"I think they should be illegal," says Ivker, who practices at Fully Alive Medical Center. "In fact, I hope they become illegal. The only thing they're good for is getting really high. But they're high-risk, and there's really no benefit from them."
Although many proponents have argued for ages that marijuana isn't addictive, studies conducted by the National Institute on Drug Abuse maintain that 9 percent of users will become dependent — and that number rises to 17 percent for those who began consuming cannabis while in their teens.
Ivker believes these figures, which were given new life in recent weeks thanks to a widely syndicated Washington Post story. "I address them in my book," he points out. "I have the exact same statistics. So this is real."
Moreover, Ivker feels the addiction problem has been exacerbated by the introduction of "high-potency marijuana products, including concentrates — the shatter and the wax. These can contain from 80 to even 95 percent THC."
The people "who are most attracted to these products happen to be adolescents and young adults — people in their twenties," Ivker continues. "And even more concerning than the addiction problem is the fact that our brains are still developing until we're in our mid-to-late twenties. The THC affects brain function and can create a higher risk of schizophrenia, and that's really awful. We're definitely seeing an increase in the number of young people developing schizophrenia from the daily use of cannabis. I think that's the greatest health risk of all, and one common denominator is that people who are at the highest risk for developing schizophrenia began using daily before the age of eighteen."
He stresses that he hasn't developed doubts about the medical efficacy of marijuana. "I advocate for cannabis as a medicine for treating chronic pain. That's the title of my book, and Fully Alive is predominantly a chronic-pain practice, a holistic medical practice. The vast majority of my patients have chronic pain and are using medical marijuana to treat their problem, along with other modalities. And because I teach my patients how to use cannabis appropriately as a medicine, I don't see the addiction problem among my patient population."
Still, Ivker advises younger patients, who make up between 5 and 10 percent of the folks he sees regularly, "to avoid using cannabis on a daily basis unless they absolutely need it for pain relief. And in those cases, I often recommend topicals — creams and salves that have proven to be highly effective. Many of these young people have chronic pain as a result of sports-related injuries — snowboarding, mountain biking — and also automobile accidents. And they can get two to three hours of relief without getting high from a topical."
As for marijuana's addictive qualities, Ivker urges that they be put into context: "Marijuana, like any substance or behavior that affects the reward system of the brain, has the potential for dependence and possible addiction — and that includes food, sex and even television.
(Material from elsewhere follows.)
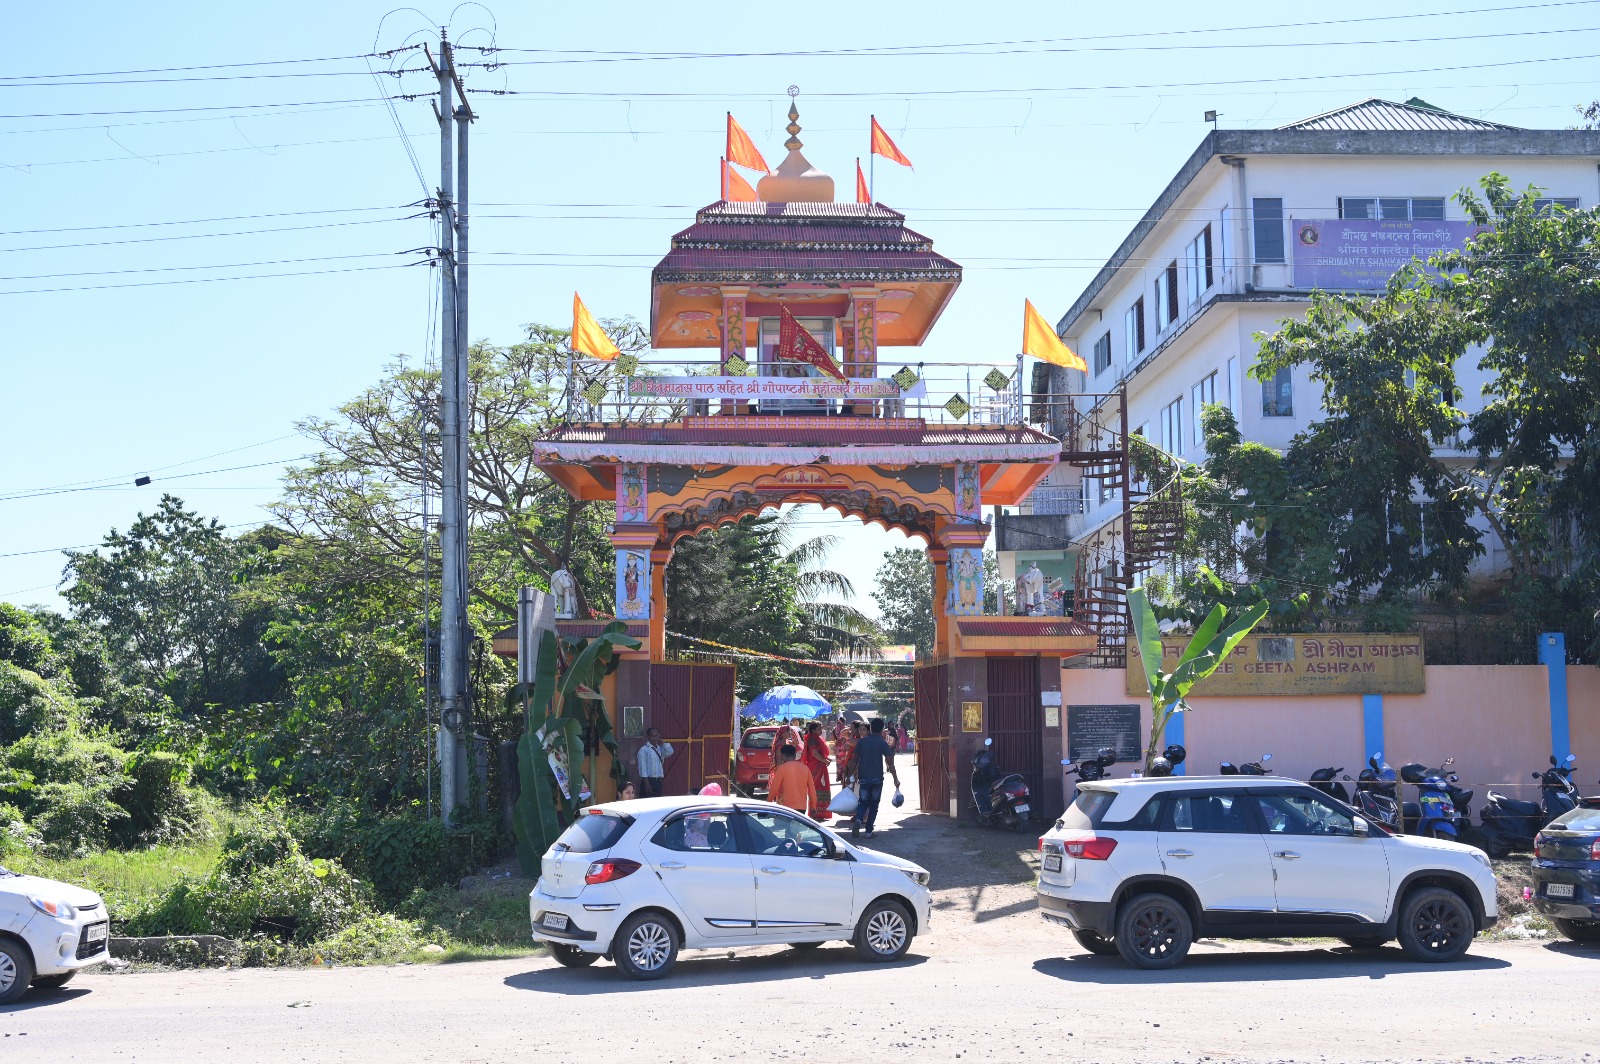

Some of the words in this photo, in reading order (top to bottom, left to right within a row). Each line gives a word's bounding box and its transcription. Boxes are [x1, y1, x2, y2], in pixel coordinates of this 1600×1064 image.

THC releases dopamine in the brain, and dopamine is the neuro-transmitter that causes us to have feelings of pleasure, just like food, sex and TV do. And it's the vulnerable individual that can lead to problem use, dependence and possible addiction. A patient's mental-health history, such as a diagnosis of depression, anxiety or mood disorder, or a family history of addiction, can serve as a warning that marijuana could be a potential problem. So, really, it's not the drug, but the user of the drug that is the major contributor to addiction — and rather than emphasize the dangers of marijuana, I would focus on the the mental-health history of the user and the risks of concentrates."
With that in mind, Ivker notes, "I strongly advise my younger patients to stay away from concentrates. A lot of them say they have friends who are dabbing on a daily basis. But when I warn them about the dangers, they often tell me that they're going to let their friends know."
He adds: "They don't hear about the risks in dispensaries. They're not informing people about that. A lot of them think it's totally safe, and most of them are not even aware of the addiction problem, let alone the schizophrenia problem. But it's well known within the addiction-medicine community that this is a problem, and it's important that we let people know about it."